From the news accounts, you'd think that Senator Jeffords had escaped a hostage situation by changing his party affiliation from Republican to Independent. The Republican Party he'd belonged to all his life had been "captured" by the "extreme right-wing," which kept him gagged and tied up in an isolated corner of the Big Tent. All he ever asked for was a place at the table, but instead, those mean-spirited, intolerant zealots starved him, took away his medicine, and threw his shivering body out into the snow. Well ... metaphorically, anyway.
Rather than analyzing Jeffords' motives for his own actions, media analysts ask only what the Republican Party did to drive him to it. The answer, predictably enough, is that the party has become too conservative, and that if it wants to win back people like Jeffords, and therefore control of the Senate, it must shift abruptly toward the ideological left.
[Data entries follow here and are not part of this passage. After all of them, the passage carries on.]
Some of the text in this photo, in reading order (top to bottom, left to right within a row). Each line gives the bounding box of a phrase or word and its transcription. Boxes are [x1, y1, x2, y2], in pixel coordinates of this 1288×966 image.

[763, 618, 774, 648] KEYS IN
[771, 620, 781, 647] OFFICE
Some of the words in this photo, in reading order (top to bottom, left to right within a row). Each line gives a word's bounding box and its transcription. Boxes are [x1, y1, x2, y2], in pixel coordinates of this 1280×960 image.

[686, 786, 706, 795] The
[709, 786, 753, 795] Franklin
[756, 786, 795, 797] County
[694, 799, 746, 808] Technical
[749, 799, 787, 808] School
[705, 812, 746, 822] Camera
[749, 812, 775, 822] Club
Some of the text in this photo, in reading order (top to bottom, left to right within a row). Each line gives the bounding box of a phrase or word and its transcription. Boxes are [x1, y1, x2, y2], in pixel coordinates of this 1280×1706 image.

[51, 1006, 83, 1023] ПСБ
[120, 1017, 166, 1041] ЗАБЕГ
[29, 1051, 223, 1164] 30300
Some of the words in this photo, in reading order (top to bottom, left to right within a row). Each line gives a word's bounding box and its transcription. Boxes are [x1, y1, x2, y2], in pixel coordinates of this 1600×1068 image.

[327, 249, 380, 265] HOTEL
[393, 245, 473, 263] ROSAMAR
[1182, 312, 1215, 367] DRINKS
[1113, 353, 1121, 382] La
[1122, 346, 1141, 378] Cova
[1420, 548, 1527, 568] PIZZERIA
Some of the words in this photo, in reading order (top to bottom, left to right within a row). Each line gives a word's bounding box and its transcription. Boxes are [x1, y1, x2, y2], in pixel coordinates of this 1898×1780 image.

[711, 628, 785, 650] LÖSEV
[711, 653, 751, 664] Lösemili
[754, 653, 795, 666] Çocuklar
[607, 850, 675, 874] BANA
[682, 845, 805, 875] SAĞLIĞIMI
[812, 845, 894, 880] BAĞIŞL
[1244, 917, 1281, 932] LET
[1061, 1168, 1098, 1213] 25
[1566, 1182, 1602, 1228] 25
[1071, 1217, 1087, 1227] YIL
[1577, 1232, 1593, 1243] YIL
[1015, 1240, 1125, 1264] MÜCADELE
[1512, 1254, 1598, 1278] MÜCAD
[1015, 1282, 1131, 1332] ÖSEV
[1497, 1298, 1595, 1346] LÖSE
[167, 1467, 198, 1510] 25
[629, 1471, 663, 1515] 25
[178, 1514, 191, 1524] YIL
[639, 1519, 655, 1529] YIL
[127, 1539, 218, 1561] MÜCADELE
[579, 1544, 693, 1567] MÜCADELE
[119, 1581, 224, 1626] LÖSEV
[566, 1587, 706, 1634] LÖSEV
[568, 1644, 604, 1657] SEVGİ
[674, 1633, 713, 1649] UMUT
Other liberal Republicans are encouraged that their party might now take steps to accommodate the "moderates," whom they complain have been "marginalized." Sen. John McCain, who during the 2000 presidential campaign compared himself to Luke Skywalker, has told his Republican peers to "grow up." Sen. Olympia Snowe of Maine warns that her viewpoints "have to be represented as well as accommodated." The whole episode has the ring of a student protest, perhaps for the establishment of a moderate studies department at Berkeley.
The Republican Party has indeed moved significantly to the right since the Vermont senator first entered politics; that much of the authorized Jim Jeffords story is true. What isn't true is the suggestion that this trend has worked to the detriment of the party.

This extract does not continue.